Melissa understood that these sobs were brought on because her mother was hurt. Her father had done this. Daddy. She had seen the TV coverage, but she couldn't imagine her father with any woman but Mommy. In truth, she couldn't even really envision that. But it was clear that this…wailing…was triggered by whatever her father had done with the women at the party, and not because two people had been killed at their house.

Yet when Melissa tried to re-create in her mind whatever had occurred in Bronxville on Friday night, it was the violence that was most real to her. Two dead people. Strangers murdered with knives and guns, their bodies in the living room and the front hall. She recalled the moments she had seen from scary movies; though those moments were few, they were indelible. Surreptitiously—with babysitters or at her friend Claudia's house—she had seen her share of zombies and vampires and corpses on late-night TV. And though she had been frightened, she had always taken comfort in the idea that this was make-believe. There were no such things as zombies and vampires; the corpses always were actors in Halloween makeup. But whatever had occurred at her home on Friday night? That was very real.

Now she leaned against the wall and listened to her mother blowing her nose. She was telling Grandmother that she had to get her act together for Melissa.
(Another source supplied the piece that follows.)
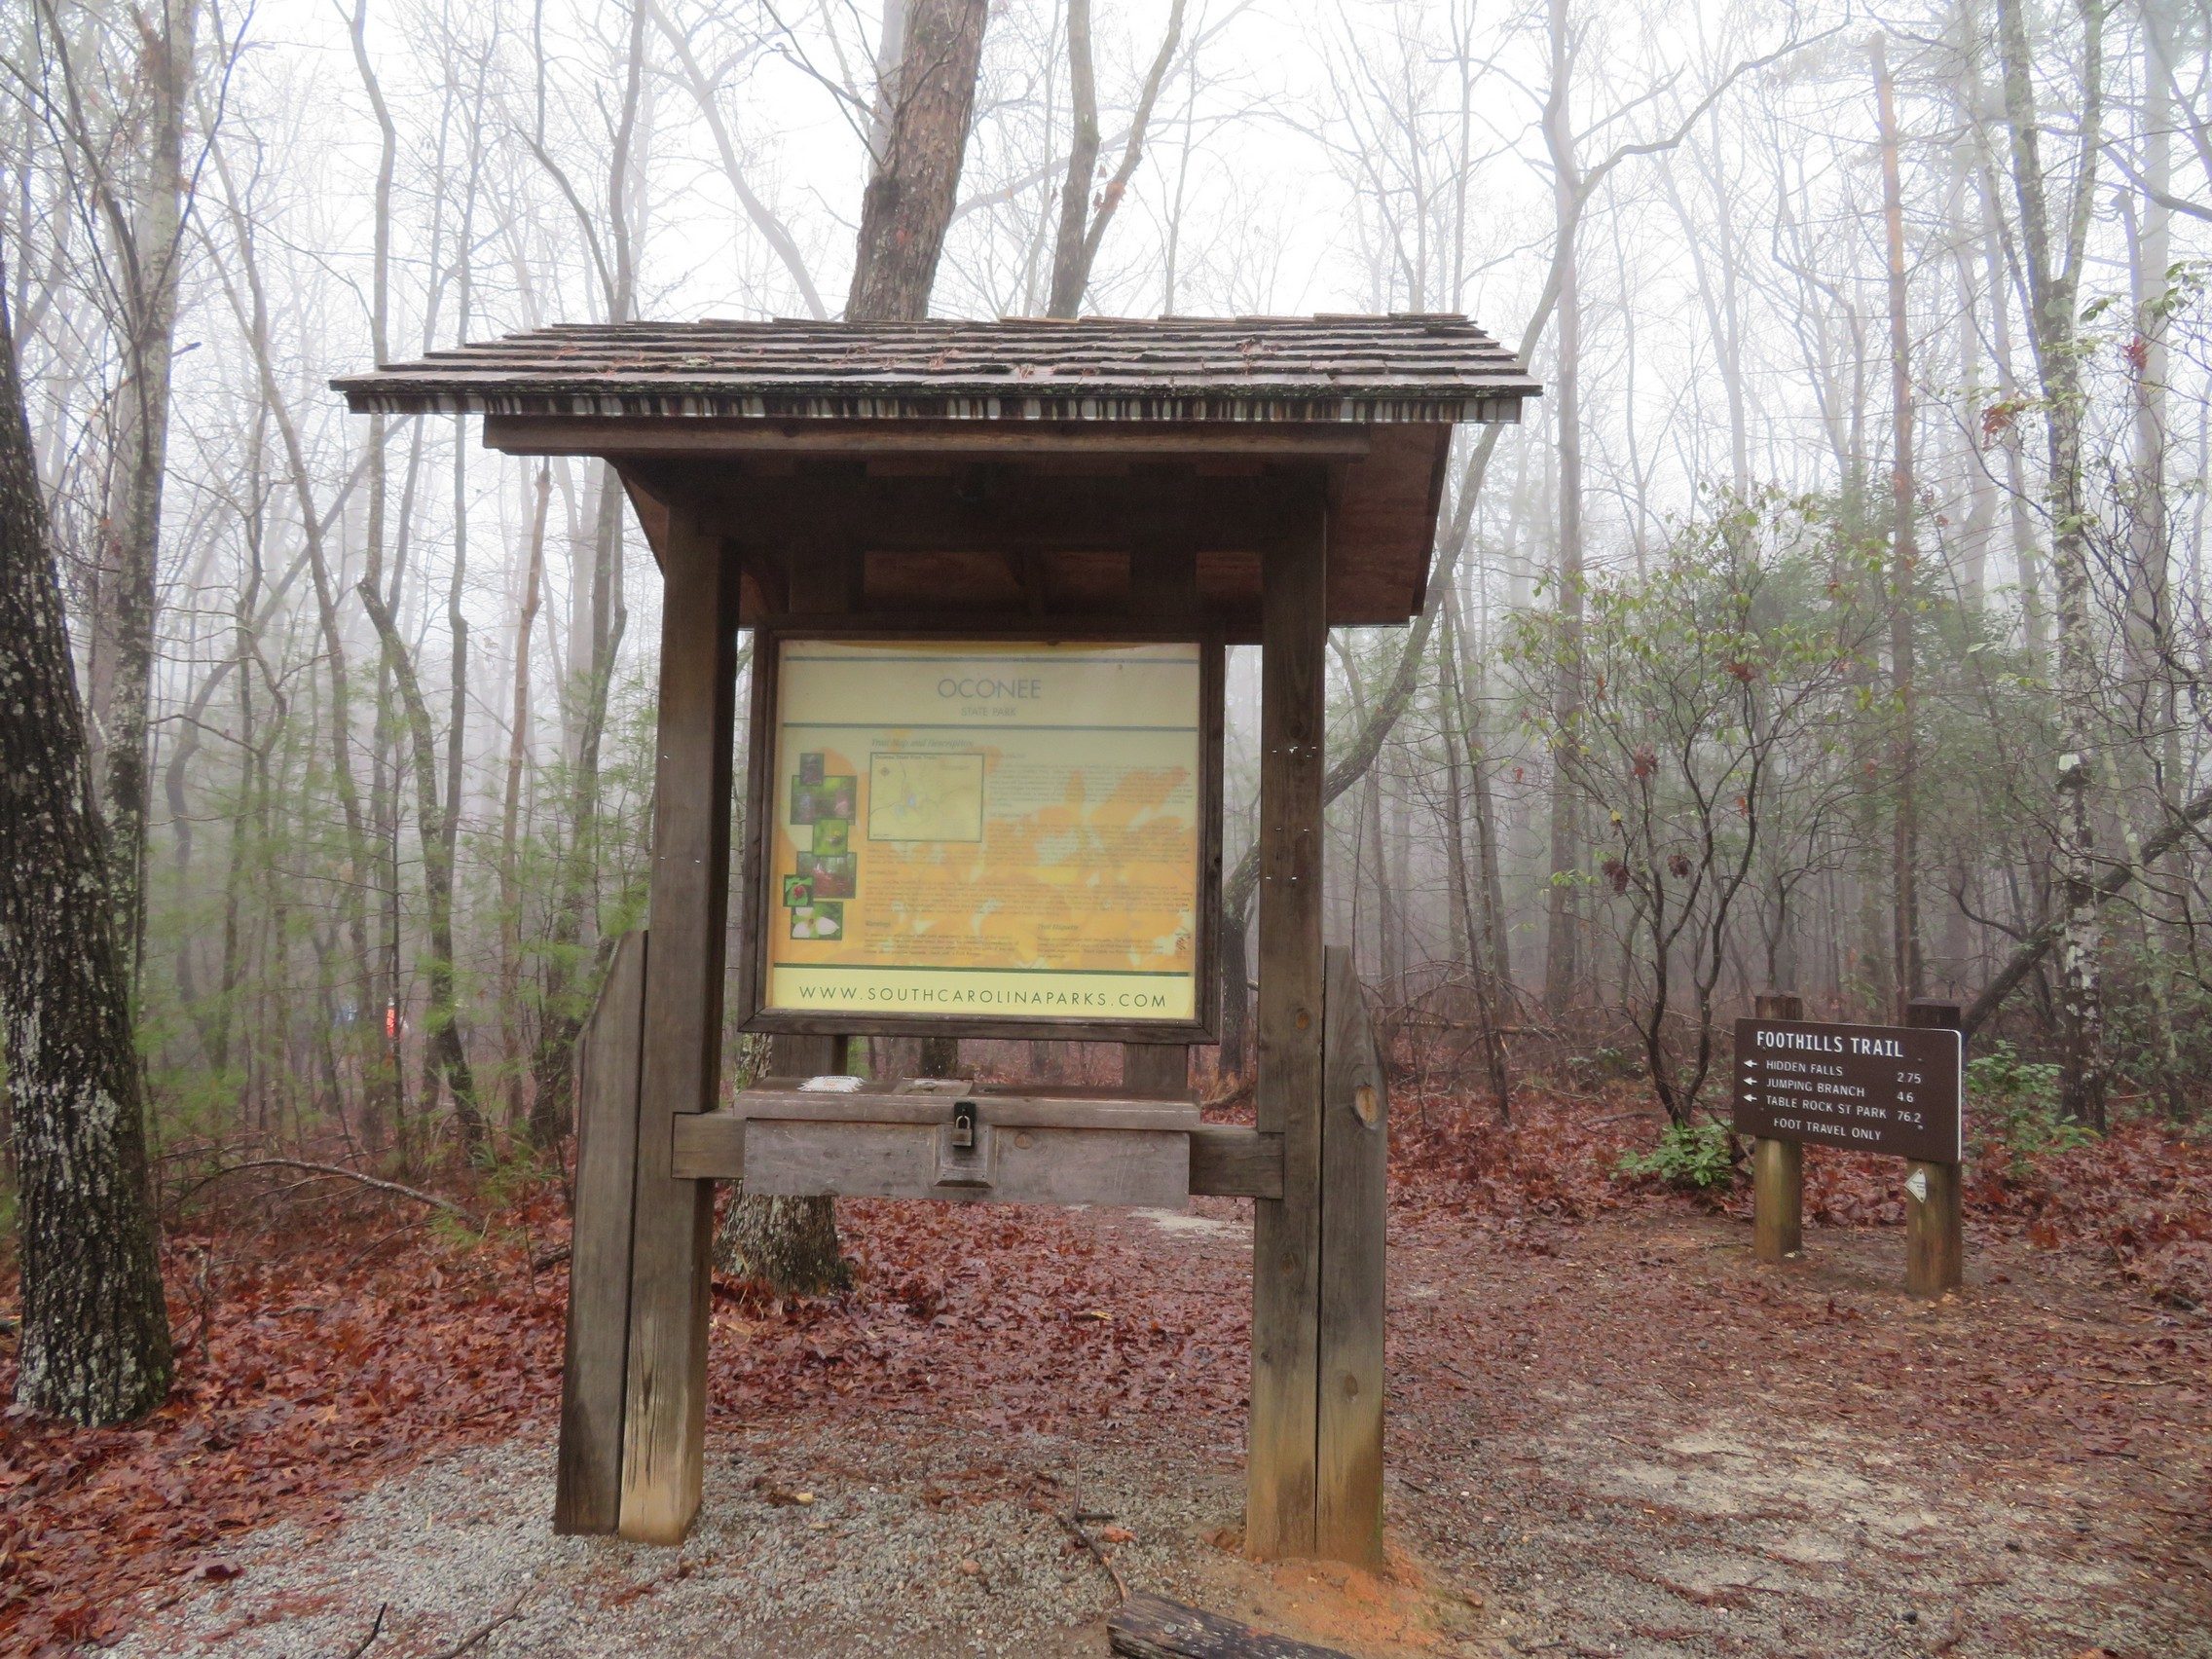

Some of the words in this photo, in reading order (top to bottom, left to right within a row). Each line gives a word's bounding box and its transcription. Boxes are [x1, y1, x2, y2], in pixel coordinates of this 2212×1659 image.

She had to figure out what she was going to say to her daughter. A second later the wooden chair slid against the kitchen tile. Her mother was standing up. Quickly Melissa retreated through the dining room and down the corridor to the guest bedroom. She didn't want her mother to know that she had been listening. But the one question she was going to be sure and ask her mother when her mother joined her in the bedroom was this: Just how much danger were they in? That was what she wanted to know. She was pretty sure her mother would answer “none,” but Melissa was going to try and read her face when she responded. She also wanted to know when Daddy would be back. She feared she was going to need both of her parents to feel secure—but she had a sick feeling that this just wasn't going to happen.

…

Richard tossed his cell phone down onto the hotel bed and watched it bounce on the mattress. He took comfort in his restraint: his initial thought had been to hurl it as hard as he could—a baseball and he was twelve—against the wall with the framed black-and-white photograph of construction workers high atop a Manhattan skyscraper in (he presumed) the 1920s. He had just gotten a call from a lawyer. A fellow who worked at Franklin McCoy and whom Richard had never met. Said his name was Hugh Kirn. Apparently, Richard's boss—Peter Fitzgerald, great-grandson of Alistair Franklin himself, a keeper of the firm's torch, and utterly humorless—thought it best if Richard took a leave of absence. Seems all the managing directors and the CFO himself felt that way. Paid, Hugh had made clear. Paid. Of course. At least for now. And if this blew over? Then they could revisit what to do next, and whether it made sense for him to return.